Kapitel 86

Altägypten, im Jahre des Herrn 373

Der junge Mann, der im Keller des kleinen Hauses seines Mentors an seiner Arbeit saß, hatte sich noch nicht für einen Namen entschieden. Er war einfach als Markus geboren worden, und obwohl er den Namen stets gemocht hatte, wusste er doch, dass der Eintritt in die Bruderschaft der Erleuchteten viele Veränderungen mit sich bringen würde. Tarasios hatte ihm gesagt, er könne sich einen Namen aussuchen und solle über diese Wahl sorgfältig nachdenken. Die Namen der Erwählten bezeichneten diese für die Ewigkeit.

Doch heute hatte Markus andere Prioritäten. Durch seine Ausbildung als Schreiber war er unerwartet ins Zentrum dessen geraten, was die Brüder »Bewahrung der Befreiung« nannten, und selbst als Novize war ihm klar, dass es sich um einen Akt von fundamentaler Bedeutung handelte.

»Die Verfolgungen werden stärker«, hatte Tarasios ihm und einer Gruppe von Mitbrüdern vor Monaten erzählt. »Unsere Hoffnungen, die wahre Freiheit im Römischen Reich verkünden zu können, sinken. Sogar unser Fortbestehen ist gefährdet.«

Die kaiserlichen Streitkräfte kamen näher. Brüder wurden gefangen genommen, gefoltert und hingerichtet. Ganze Gemeinden wurden ins »Exil« verbannt, doch jeder ging davon aus, dass dieses Exil etwas Endgültigeres bedeutete als lediglich eine Umsiedelung.

Deshalb war das Projekt der Bewahrung ersonnen worden. Das Gebet würde versteckt werden. Es würde in Sicherheit gebracht und für die Zukunft bewahrt werden – für eine Zeit, in der es in all seiner Herrlichkeit eingesetzt werden könnte.

Markus blickte hinab auf die kleinen Blätterstapel vor ihm und seinem Kollegen, der ebenfalls ein Schreiber war und Paulus hieß. Dessen Papyrusblätter waren bereits präpariert und die heiligen Worte mit einer Tinte darauf niedergeschrieben worden, deren mystische Eigenschaften bewirkten, dass sie nur Sekunden, nachdem sie die flachen, gepressten Schilfstreifen, aus denen das Blatt bestand, berührt hatte, völlig verschwand.

Paulus hatte sich bereits eine Feder genommen und begann mit kundiger Sorgfalt, auf die »leeren« Seiten die Worte des Evangeliums von Thomas dem Blinden zu übertragen, dessen Original neben ihm lag. Wenn die dunklere Tinte getrocknet war – die man ebenfalls nach einem von der Bruderschaft entwickelten Spezialrezept angerührt hatte –, würde nichts mehr darauf hindeuten, dass darunter verborgene Wörter geschrieben waren.

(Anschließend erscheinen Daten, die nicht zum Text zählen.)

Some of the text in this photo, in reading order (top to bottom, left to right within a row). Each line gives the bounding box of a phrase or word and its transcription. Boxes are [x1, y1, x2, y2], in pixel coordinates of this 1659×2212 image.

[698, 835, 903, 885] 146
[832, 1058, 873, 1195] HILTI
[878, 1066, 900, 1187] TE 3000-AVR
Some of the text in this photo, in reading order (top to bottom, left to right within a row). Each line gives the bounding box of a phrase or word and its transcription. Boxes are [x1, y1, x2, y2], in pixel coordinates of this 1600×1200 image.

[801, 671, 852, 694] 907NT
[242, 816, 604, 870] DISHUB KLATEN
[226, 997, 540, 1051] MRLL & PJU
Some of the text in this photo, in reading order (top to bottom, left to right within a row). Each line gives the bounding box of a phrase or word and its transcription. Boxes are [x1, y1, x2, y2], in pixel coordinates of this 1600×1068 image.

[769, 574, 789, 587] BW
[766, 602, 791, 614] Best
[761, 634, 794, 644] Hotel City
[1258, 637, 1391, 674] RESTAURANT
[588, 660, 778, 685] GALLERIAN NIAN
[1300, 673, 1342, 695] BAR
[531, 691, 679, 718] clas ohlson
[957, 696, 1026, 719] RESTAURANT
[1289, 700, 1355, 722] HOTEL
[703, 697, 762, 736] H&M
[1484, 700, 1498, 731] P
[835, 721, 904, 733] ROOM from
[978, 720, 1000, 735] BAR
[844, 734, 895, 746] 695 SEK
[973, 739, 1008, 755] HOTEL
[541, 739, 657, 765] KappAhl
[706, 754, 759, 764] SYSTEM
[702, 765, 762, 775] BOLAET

Markus wandte sich seiner eigenen Aufgabe zu. Der Papyrusstapel vor ihm enthielt keinen verborgenen Text, aber die Wörter, die er schreiben würde, bargen eine versteckte Botschaft.

Er holte den steinernen Schlüssel aus einem Beutel an seinem Hals und legte ihn neben den Papyrusblättern auf den Tisch. Dann öffnete er die – so heilige, so alte – Schriftrolle. Für die Brüder war die originale Niederschrift des Evangeliums der Wahrheit von Valentinus eines ihrer meistverehrten Besitztümer, das ein Jahrhundert zurückdatierte, in die Zeit ihrer eigentlichen Anfänge.

Markus hatte eine eindeutige Aufgabe erhalten: den Text auf die Seiten zu kopieren und dabei dessen Worte und Aufbau wie verlangt zu verändern, um auf diese Weise die Liste der Bestandteile zu verschlüsseln, die eine zukünftige Generation eines Tages benötigen würde.

Die Liste hatte der Alchemist erstellt. Markus wandte sich der ersten Zutat zu, nahm deren Anfangsbuchstaben und führte ihn durch die Formel des steinernen Schlüssels. Danach blickte ihm der neue, codierte Buchstabe entgegen.

Markus hob die Feder, stippte sie in ein Gefäß mit dicker Tinte und setzte sie auf das Blatt.